**How to complete this task:** In the listing that follows, the lines starting at the one containing "this 1333×1125 image." and ending at the one containing "Some of the words" are to be returned exactly, both boundary lines included, and no others.

**Information supplied:**
┄┄┄┄┄┄

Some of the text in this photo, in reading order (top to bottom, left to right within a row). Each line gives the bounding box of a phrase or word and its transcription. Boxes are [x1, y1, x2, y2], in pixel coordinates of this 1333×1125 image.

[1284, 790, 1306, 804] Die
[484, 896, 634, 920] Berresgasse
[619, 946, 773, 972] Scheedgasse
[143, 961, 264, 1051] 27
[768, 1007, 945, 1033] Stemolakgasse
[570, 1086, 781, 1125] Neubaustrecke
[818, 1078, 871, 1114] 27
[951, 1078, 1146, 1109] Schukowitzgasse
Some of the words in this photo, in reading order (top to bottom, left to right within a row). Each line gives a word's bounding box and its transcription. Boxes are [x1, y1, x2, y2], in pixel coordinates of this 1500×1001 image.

┄┄┄┄┄┄

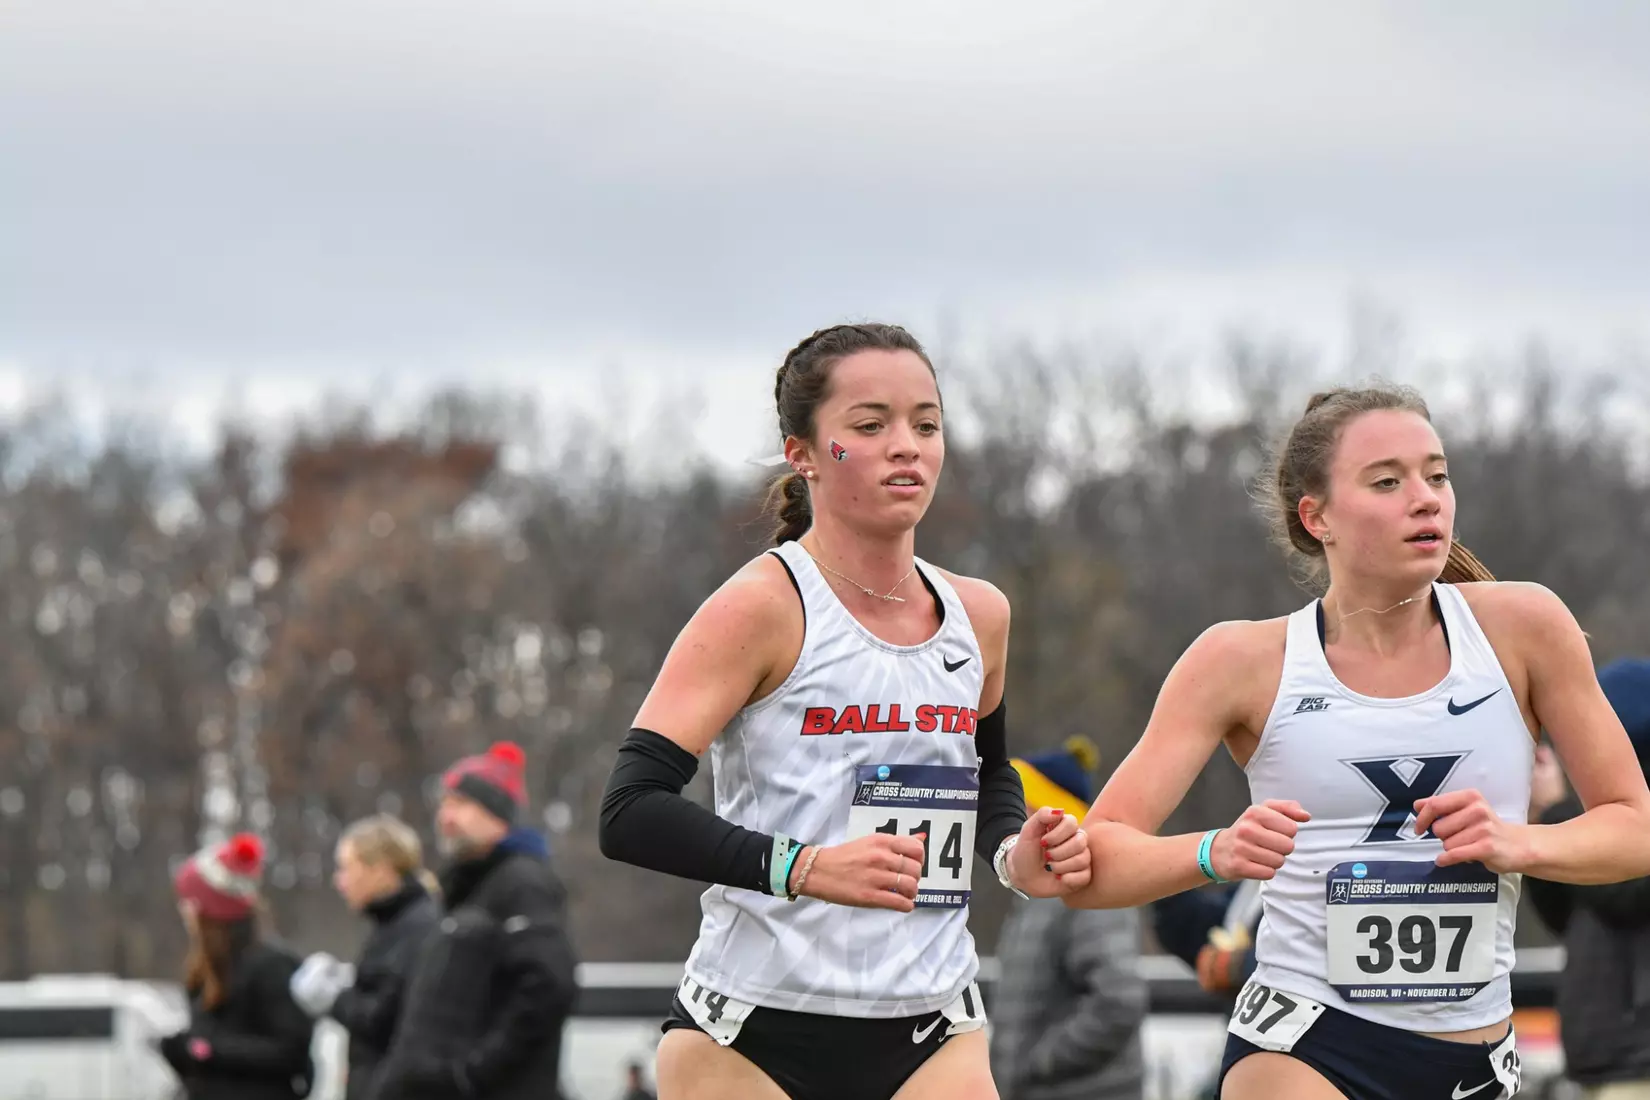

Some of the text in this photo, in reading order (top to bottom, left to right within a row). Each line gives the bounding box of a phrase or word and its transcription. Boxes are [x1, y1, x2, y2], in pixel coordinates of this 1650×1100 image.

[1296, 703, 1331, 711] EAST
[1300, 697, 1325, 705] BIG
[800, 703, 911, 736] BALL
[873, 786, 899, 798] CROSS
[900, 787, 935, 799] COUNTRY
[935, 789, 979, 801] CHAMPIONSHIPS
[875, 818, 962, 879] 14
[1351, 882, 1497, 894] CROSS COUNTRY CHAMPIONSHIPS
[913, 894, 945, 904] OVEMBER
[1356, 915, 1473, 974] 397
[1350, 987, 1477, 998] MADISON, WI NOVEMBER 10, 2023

┄┄┄┄┄┄

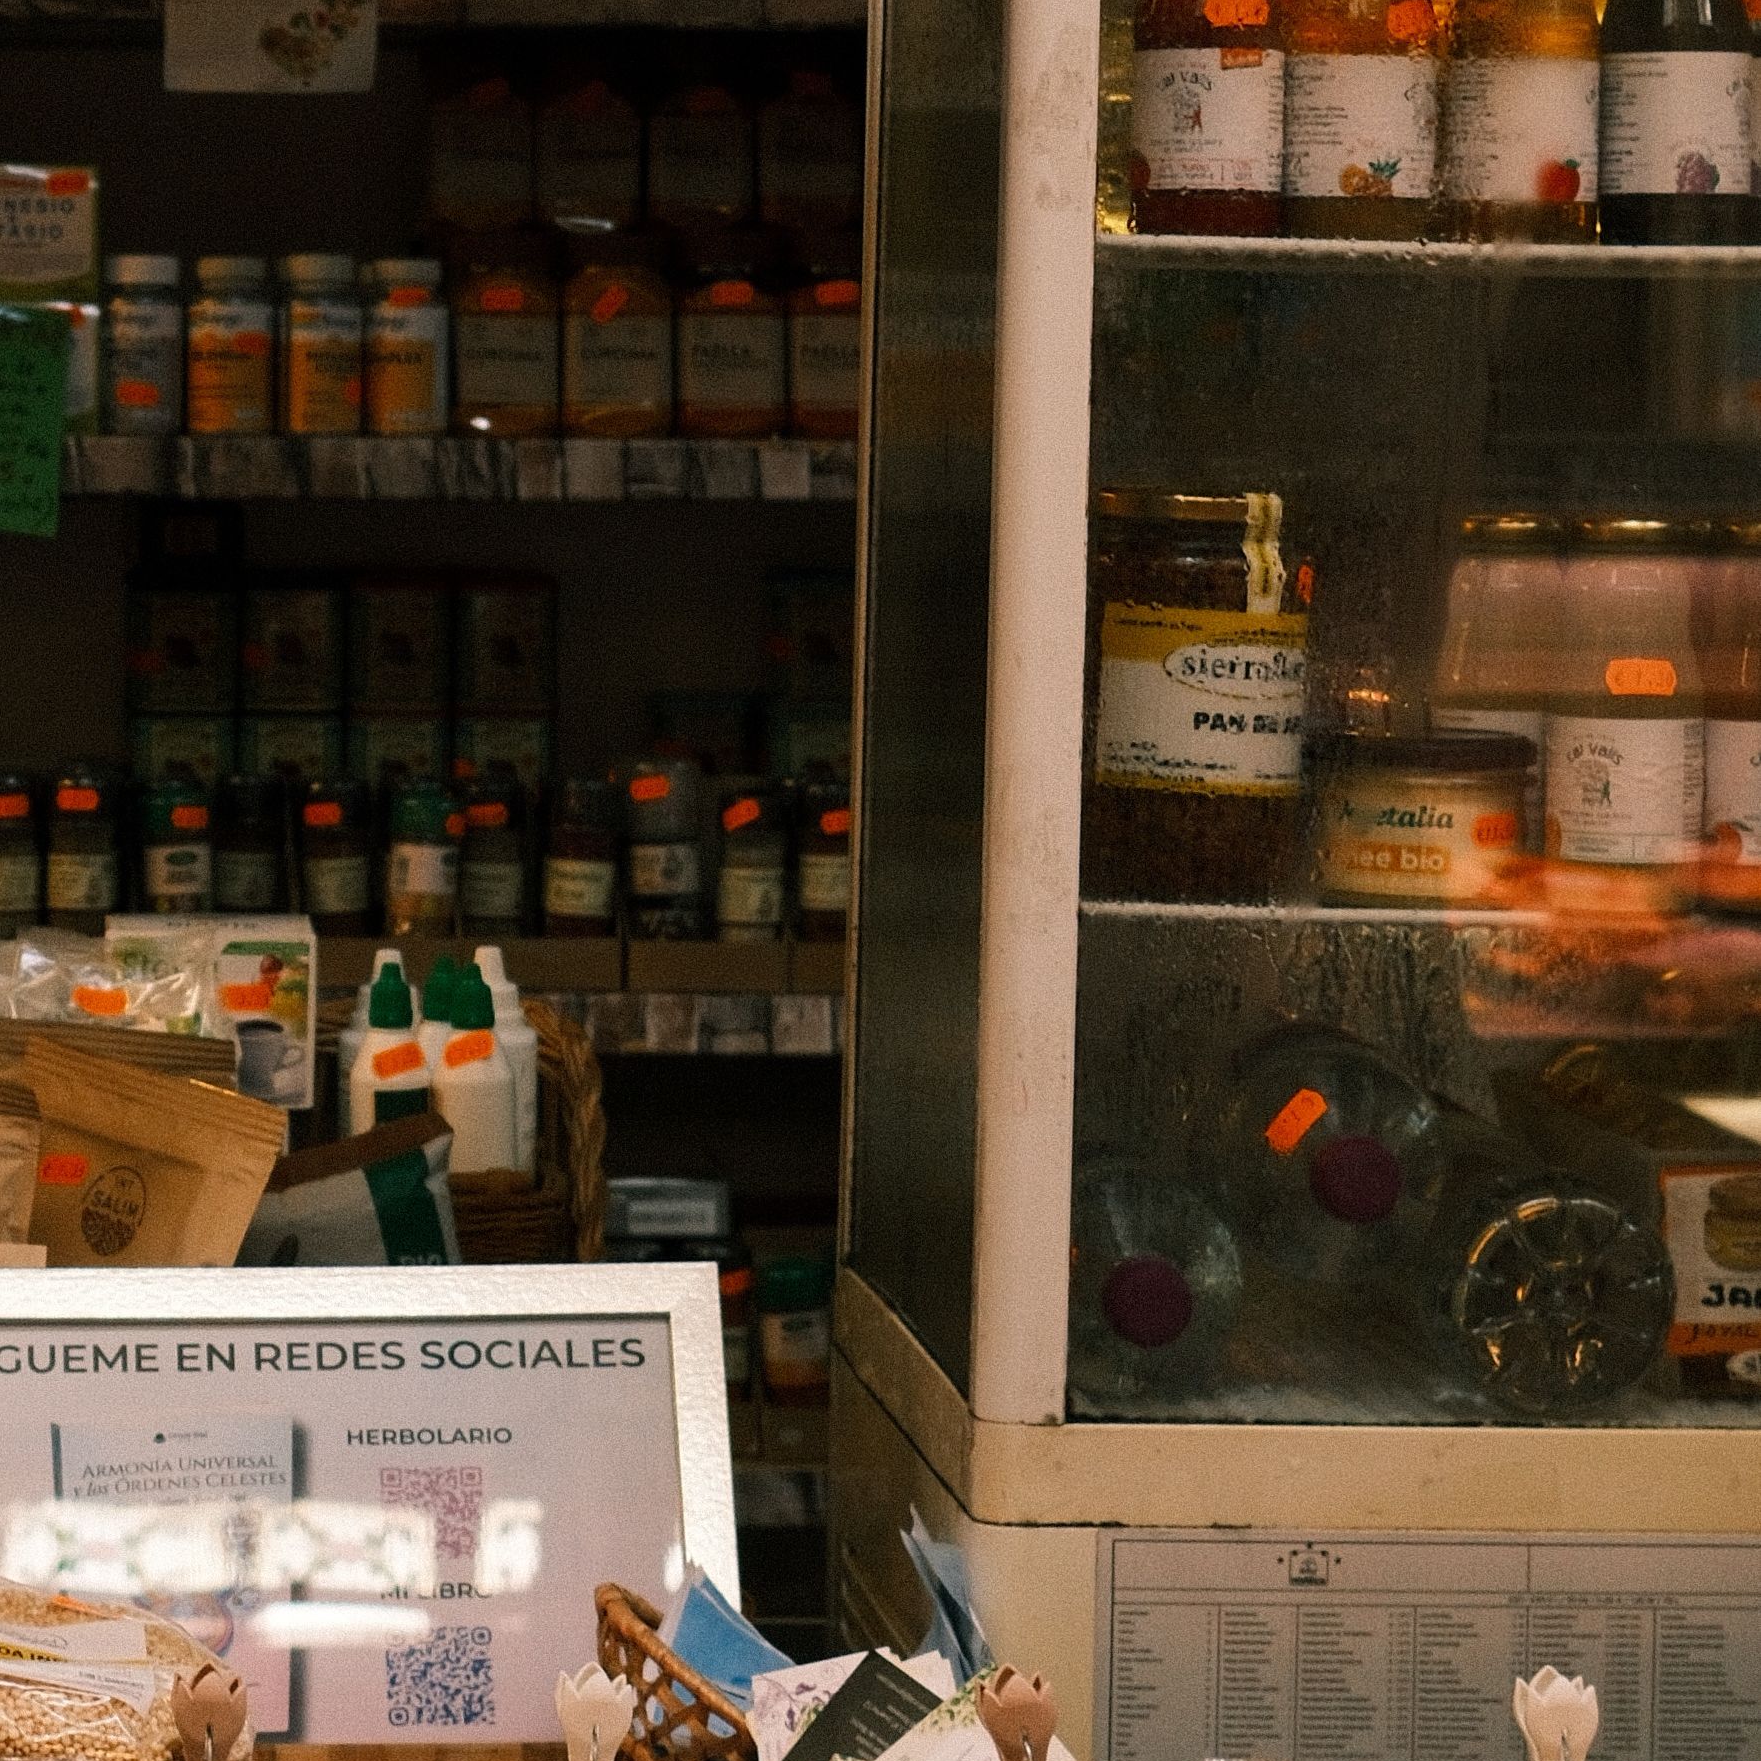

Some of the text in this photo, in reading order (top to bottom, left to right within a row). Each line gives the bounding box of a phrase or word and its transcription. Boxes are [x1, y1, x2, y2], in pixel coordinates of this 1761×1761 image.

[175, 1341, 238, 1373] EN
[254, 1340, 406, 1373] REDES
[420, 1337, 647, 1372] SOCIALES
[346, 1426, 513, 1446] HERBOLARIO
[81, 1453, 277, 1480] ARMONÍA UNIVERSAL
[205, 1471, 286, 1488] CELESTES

┄┄┄┄┄┄

**Exercise solution:**
Some of the text in this photo, in reading order (top to bottom, left to right within a row). Each line gives the bounding box of a phrase or word and its transcription. Boxes are [x1, y1, x2, y2], in pixel coordinates of this 1333×1125 image.

[1284, 790, 1306, 804] Die
[484, 896, 634, 920] Berresgasse
[619, 946, 773, 972] Scheedgasse
[143, 961, 264, 1051] 27
[768, 1007, 945, 1033] Stemolakgasse
[570, 1086, 781, 1125] Neubaustrecke
[818, 1078, 871, 1114] 27
[951, 1078, 1146, 1109] Schukowitzgasse
Some of the words in this photo, in reading order (top to bottom, left to right within a row). Each line gives a word's bounding box and its transcription. Boxes are [x1, y1, x2, y2], in pixel coordinates of this 1500×1001 image.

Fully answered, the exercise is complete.